Copy the listing exactly; drop the pictures.

-------- Task data --------

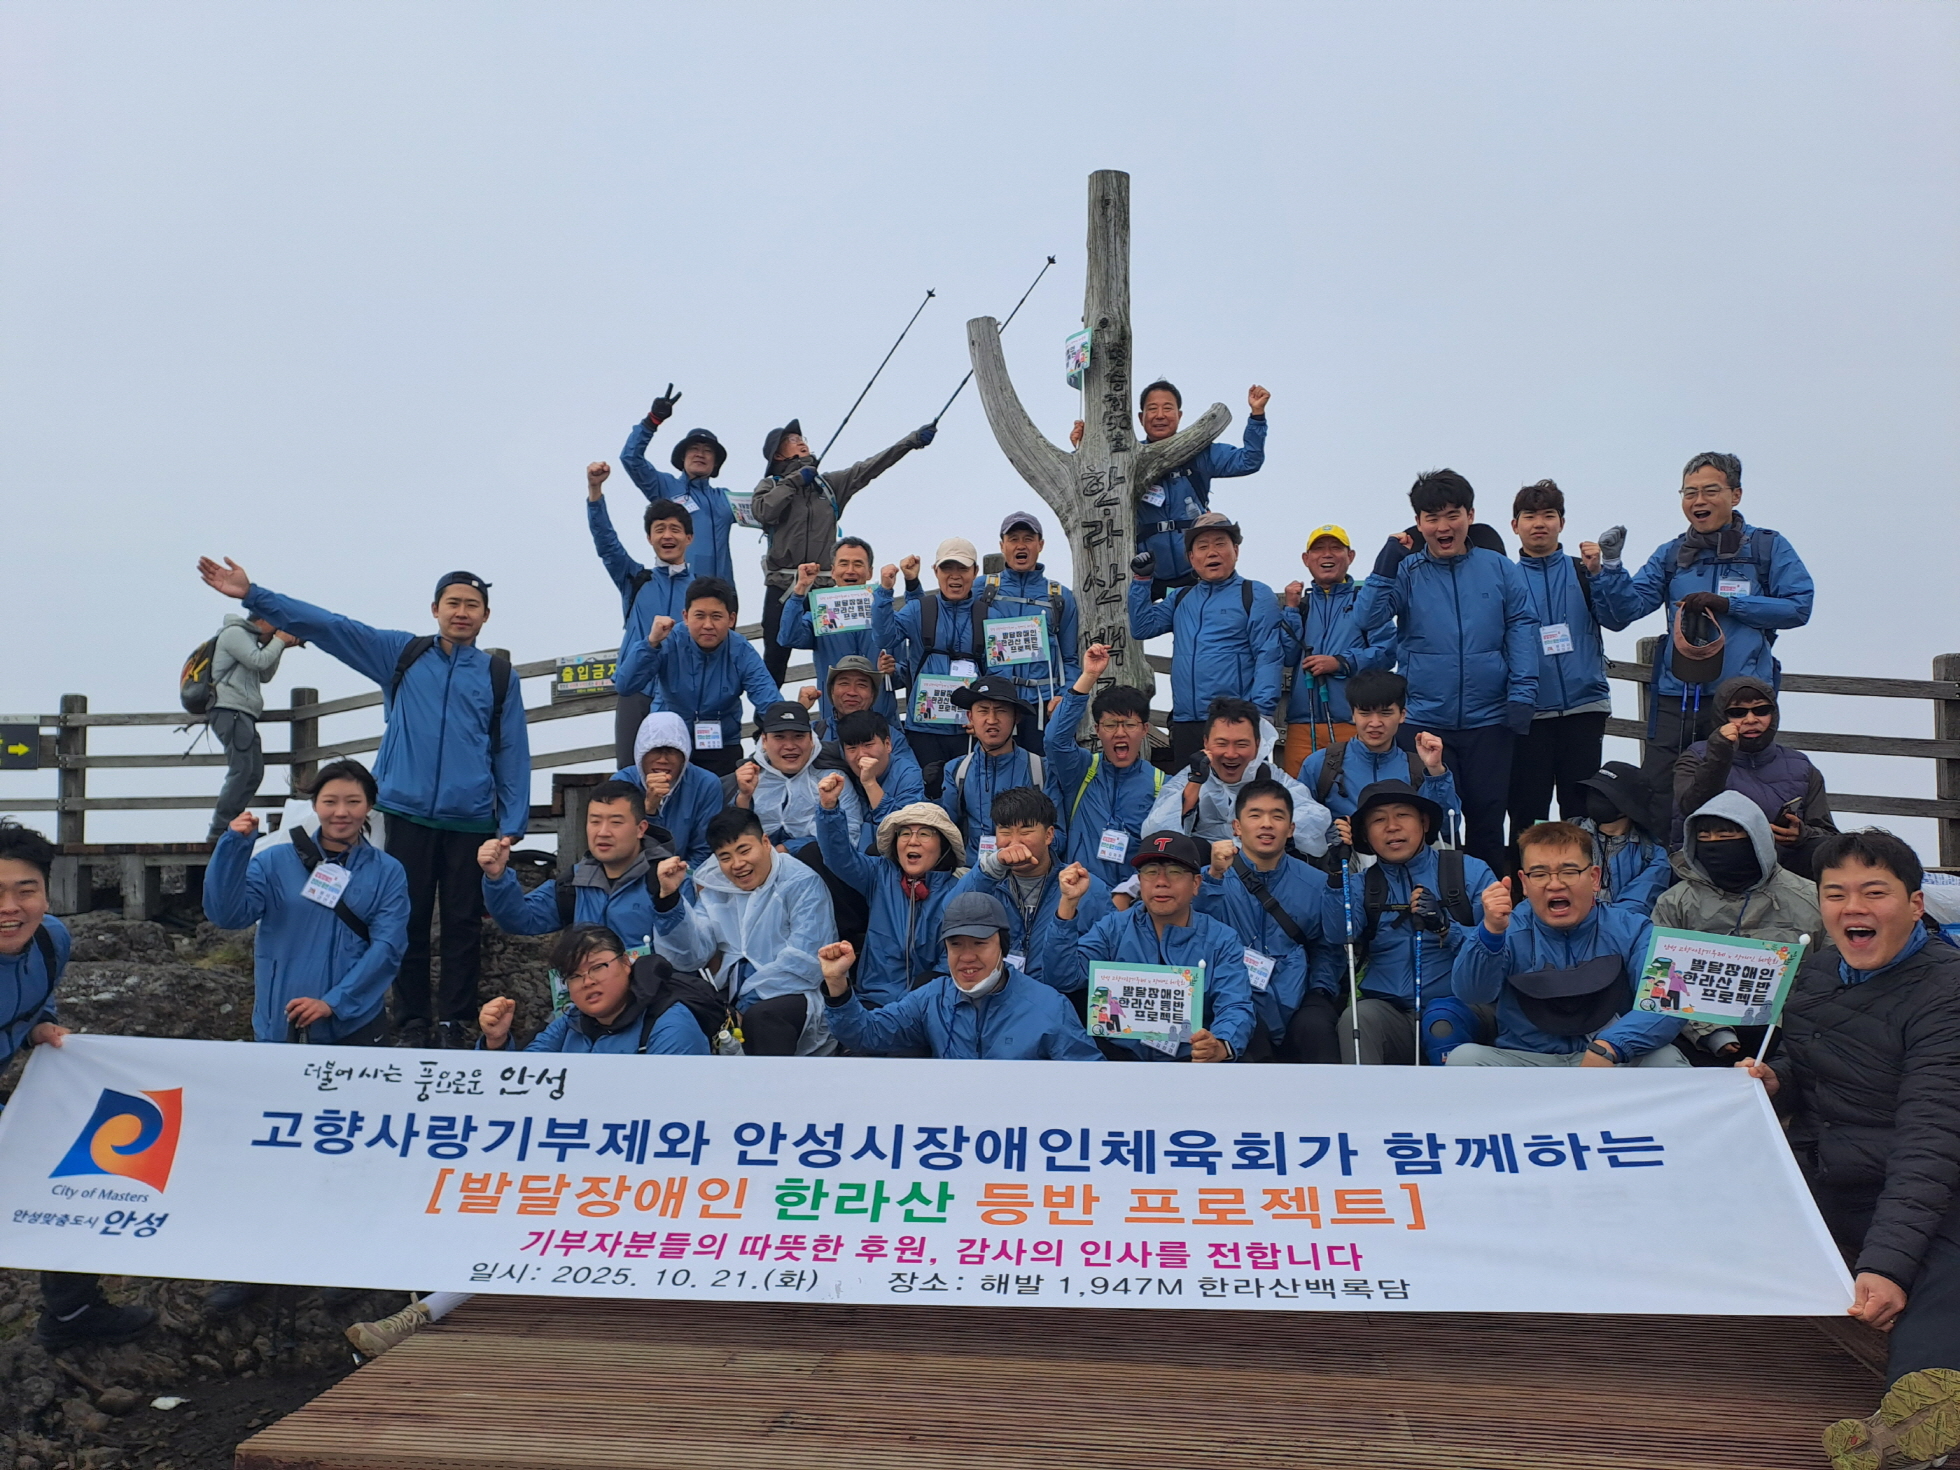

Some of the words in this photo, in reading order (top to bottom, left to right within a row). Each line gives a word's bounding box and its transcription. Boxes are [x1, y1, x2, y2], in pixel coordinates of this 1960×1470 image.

[1153, 837, 1173, 851] T
[1690, 958, 1775, 980] 발달장애인
[1123, 986, 1184, 1000] 발달장애인
[1683, 971, 1732, 990] 한라산
[1738, 979, 1770, 993] 등반
[1118, 997, 1155, 1010] 한라산
[1160, 1000, 1184, 1012] 등반
[1701, 988, 1768, 1006] 프로젝트
[1135, 1010, 1183, 1024] 프로젝트
[304, 1061, 353, 1091] 더불어
[359, 1064, 402, 1082] 사는
[415, 1061, 484, 1102] 풍요로운
[500, 1066, 567, 1100] 안성
[251, 1109, 710, 1167] 고향사랑기부제와
[734, 1120, 1358, 1178] 안성시장애인체육회가
[1384, 1131, 1664, 1175] 함께하는
[52, 1185, 78, 1199] City
[81, 1188, 97, 1198] of
[98, 1189, 149, 1202] Masters
[425, 1167, 748, 1219] [발달장애인
[775, 1178, 955, 1223] 한라산
[977, 1183, 1100, 1225] 등반
[1125, 1183, 1426, 1230] 프로젝트]
[13, 1209, 99, 1228] 안성맞춤도시
[100, 1211, 169, 1237] 안성
[520, 1229, 728, 1260] 기부자분들의
[739, 1234, 844, 1262] 따뜻한
[855, 1235, 936, 1265] 후원,
[957, 1238, 1063, 1266] 감사의
[1080, 1241, 1190, 1268] 인사를
[1207, 1242, 1363, 1271] 전합니다
[470, 1263, 541, 1283] 일시:
[552, 1266, 635, 1286] 2025.
[658, 1269, 695, 1287] 10.
[888, 1272, 963, 1293] 장소:
[981, 1274, 1044, 1294] 해발
[1060, 1277, 1182, 1297] 1,947M
[1198, 1277, 1410, 1299] 한라산백록담
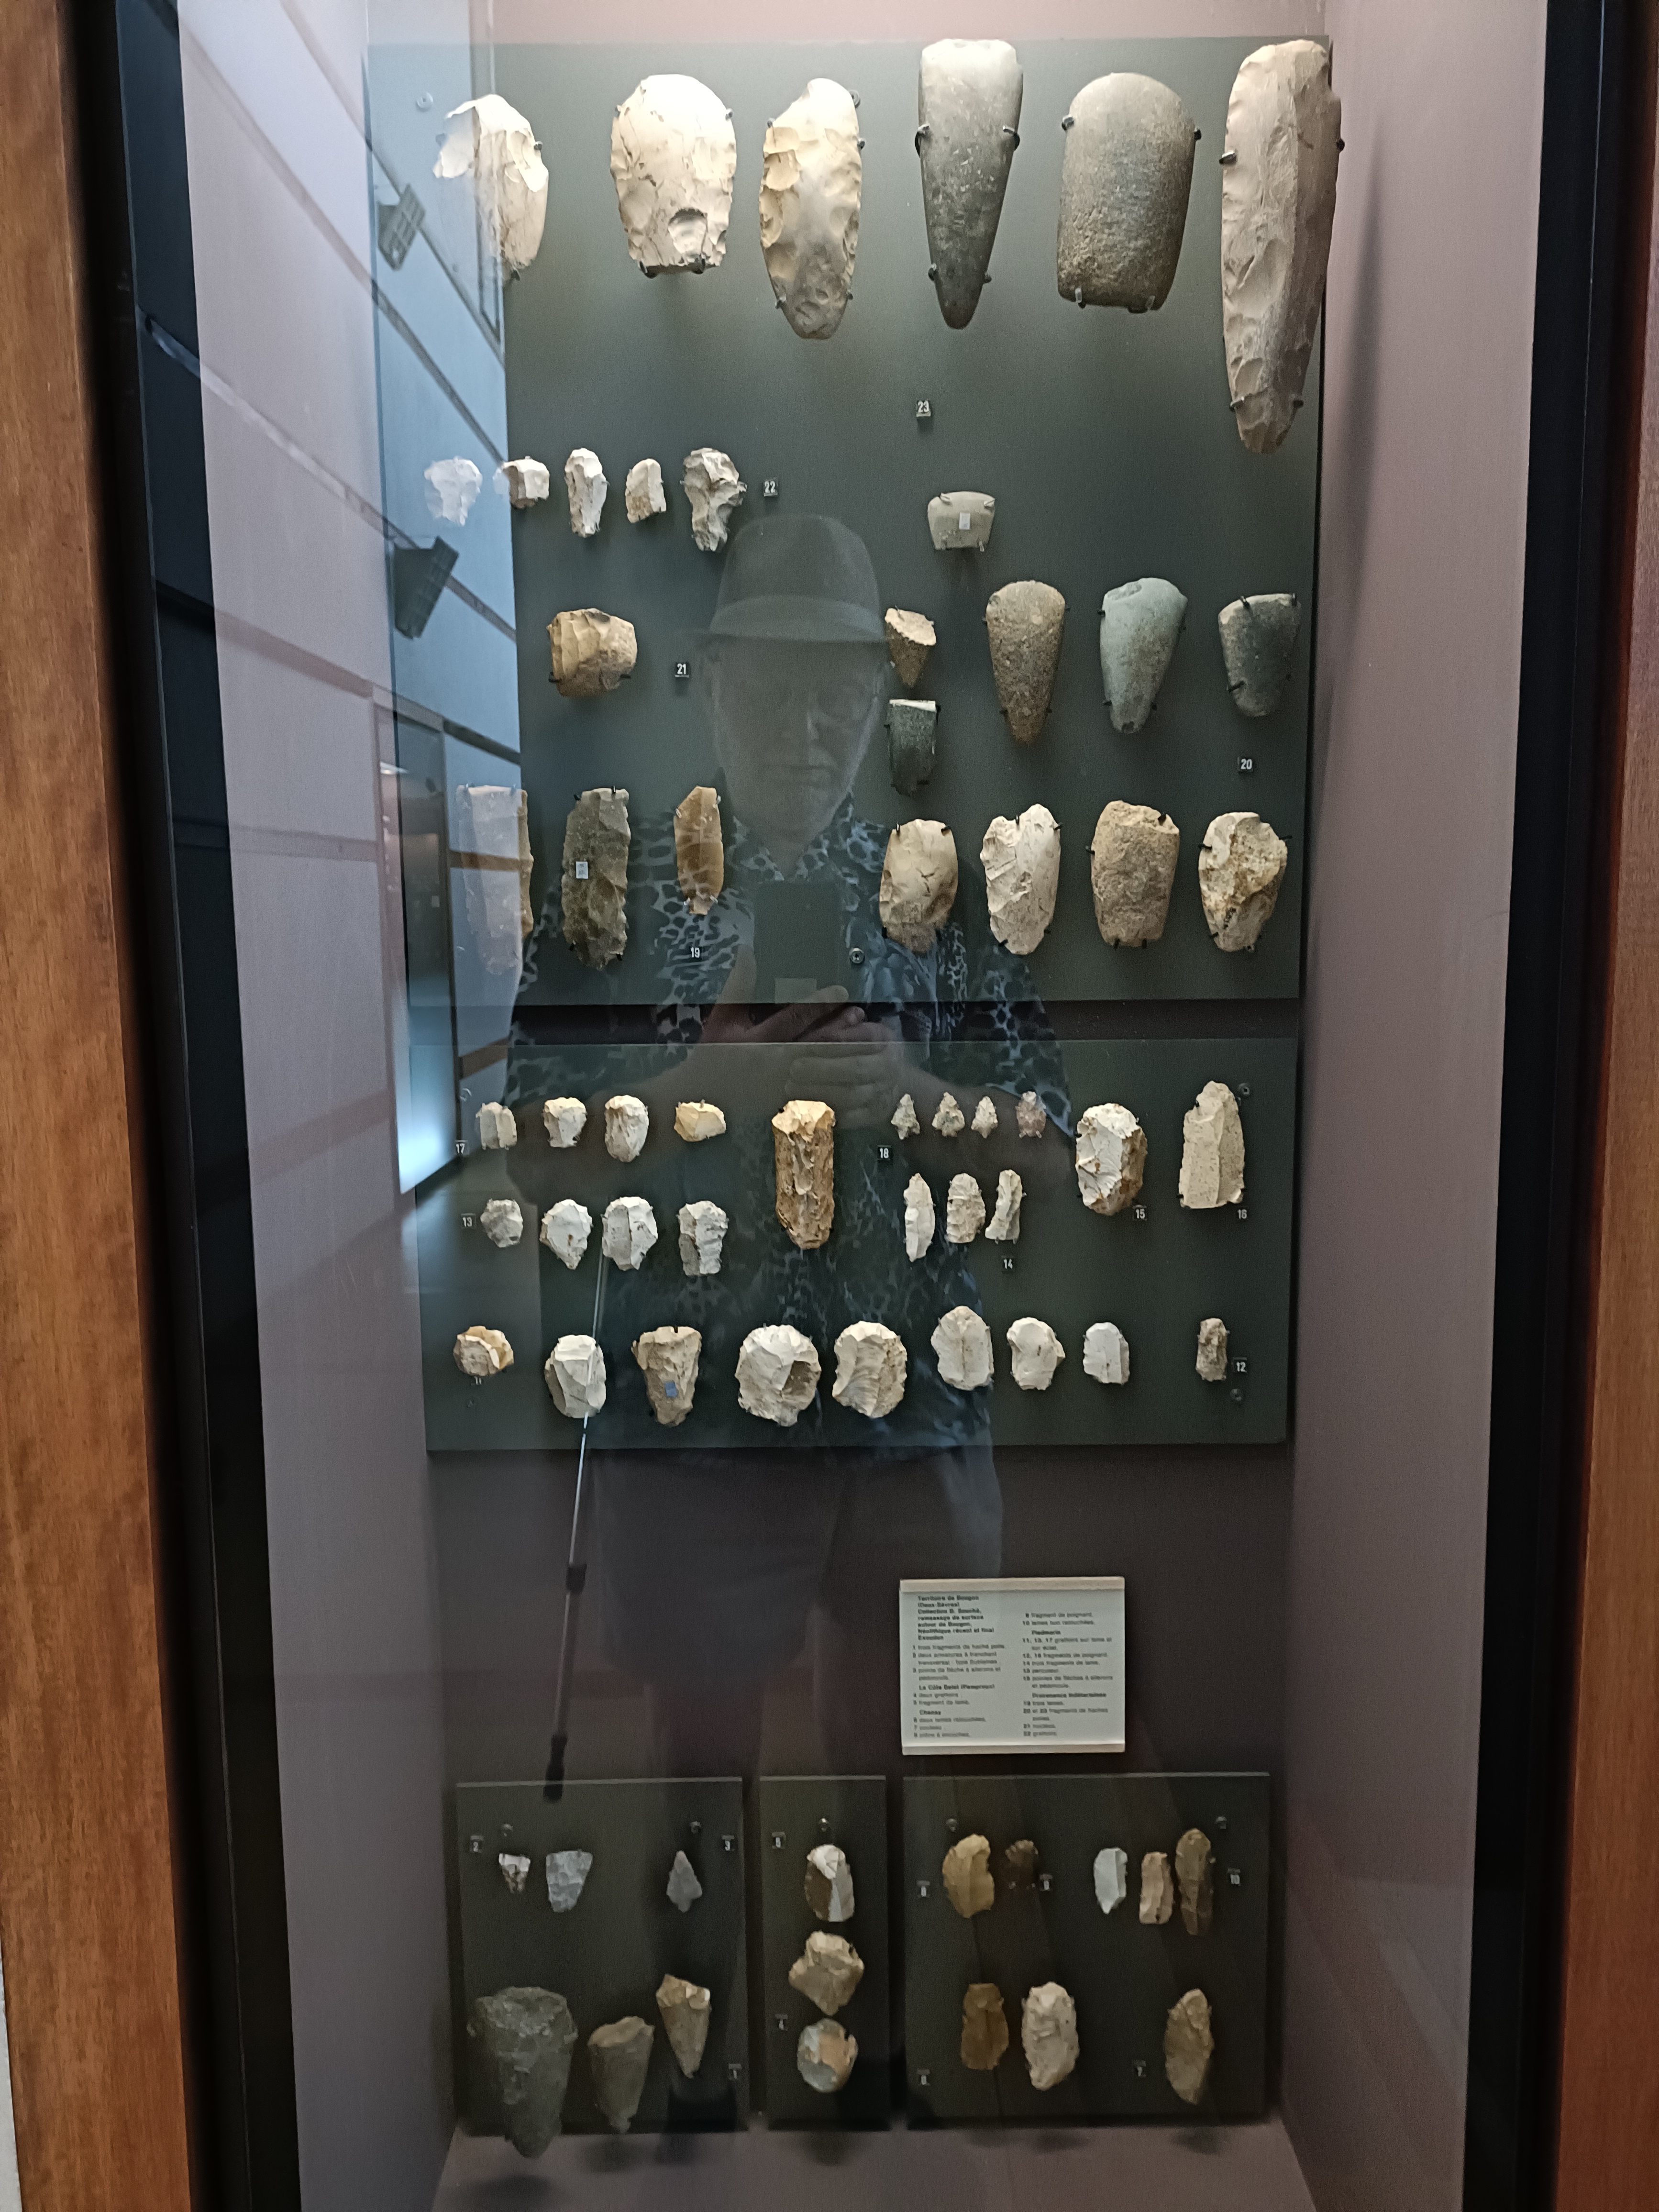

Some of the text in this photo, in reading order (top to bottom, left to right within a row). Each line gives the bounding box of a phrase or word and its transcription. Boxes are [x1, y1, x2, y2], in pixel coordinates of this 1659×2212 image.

[918, 401, 929, 412] 23
[764, 481, 775, 493] 22
[677, 663, 686, 675] 21
[1241, 759, 1252, 770] 20
[690, 947, 700, 958] 19
[456, 1143, 465, 1153] 17
[879, 1148, 889, 1158] 18
[1136, 1209, 1145, 1219] 15
[1237, 1209, 1247, 1219] 16
[1004, 1259, 1013, 1269] 14
[1236, 1361, 1246, 1372] 12

--------

> [Task solution]:
Some of the words in this photo, in reading order (top to bottom, left to right within a row). Each line gives a word's bounding box and its transcription. Boxes are [x1, y1, x2, y2], in pixel coordinates of this 1960×1470 image.

[1153, 837, 1173, 851] T
[1690, 958, 1775, 980] 발달장애인
[1123, 986, 1184, 1000] 발달장애인
[1683, 971, 1732, 990] 한라산
[1738, 979, 1770, 993] 등반
[1118, 997, 1155, 1010] 한라산
[1160, 1000, 1184, 1012] 등반
[1701, 988, 1768, 1006] 프로젝트
[1135, 1010, 1183, 1024] 프로젝트
[304, 1061, 353, 1091] 더불어
[359, 1064, 402, 1082] 사는
[415, 1061, 484, 1102] 풍요로운
[500, 1066, 567, 1100] 안성
[251, 1109, 710, 1167] 고향사랑기부제와
[734, 1120, 1358, 1178] 안성시장애인체육회가
[1384, 1131, 1664, 1175] 함께하는
[52, 1185, 78, 1199] City
[81, 1188, 97, 1198] of
[98, 1189, 149, 1202] Masters
[425, 1167, 748, 1219] [발달장애인
[775, 1178, 955, 1223] 한라산
[977, 1183, 1100, 1225] 등반
[1125, 1183, 1426, 1230] 프로젝트]
[13, 1209, 99, 1228] 안성맞춤도시
[100, 1211, 169, 1237] 안성
[520, 1229, 728, 1260] 기부자분들의
[739, 1234, 844, 1262] 따뜻한
[855, 1235, 936, 1265] 후원,
[957, 1238, 1063, 1266] 감사의
[1080, 1241, 1190, 1268] 인사를
[1207, 1242, 1363, 1271] 전합니다
[470, 1263, 541, 1283] 일시:
[552, 1266, 635, 1286] 2025.
[658, 1269, 695, 1287] 10.
[888, 1272, 963, 1293] 장소:
[981, 1274, 1044, 1294] 해발
[1060, 1277, 1182, 1297] 1,947M
[1198, 1277, 1410, 1299] 한라산백록담

Some of the text in this photo, in reading order (top to bottom, left to right within a row). Each line gives the bounding box of a phrase or word and its transcription. Boxes are [x1, y1, x2, y2], in pixel coordinates of this 1659×2212 image.

[918, 401, 929, 412] 23
[764, 481, 775, 493] 22
[677, 663, 686, 675] 21
[1241, 759, 1252, 770] 20
[690, 947, 700, 958] 19
[456, 1143, 465, 1153] 17
[879, 1148, 889, 1158] 18
[1136, 1209, 1145, 1219] 15
[1237, 1209, 1247, 1219] 16
[1004, 1259, 1013, 1269] 14
[1236, 1361, 1246, 1372] 12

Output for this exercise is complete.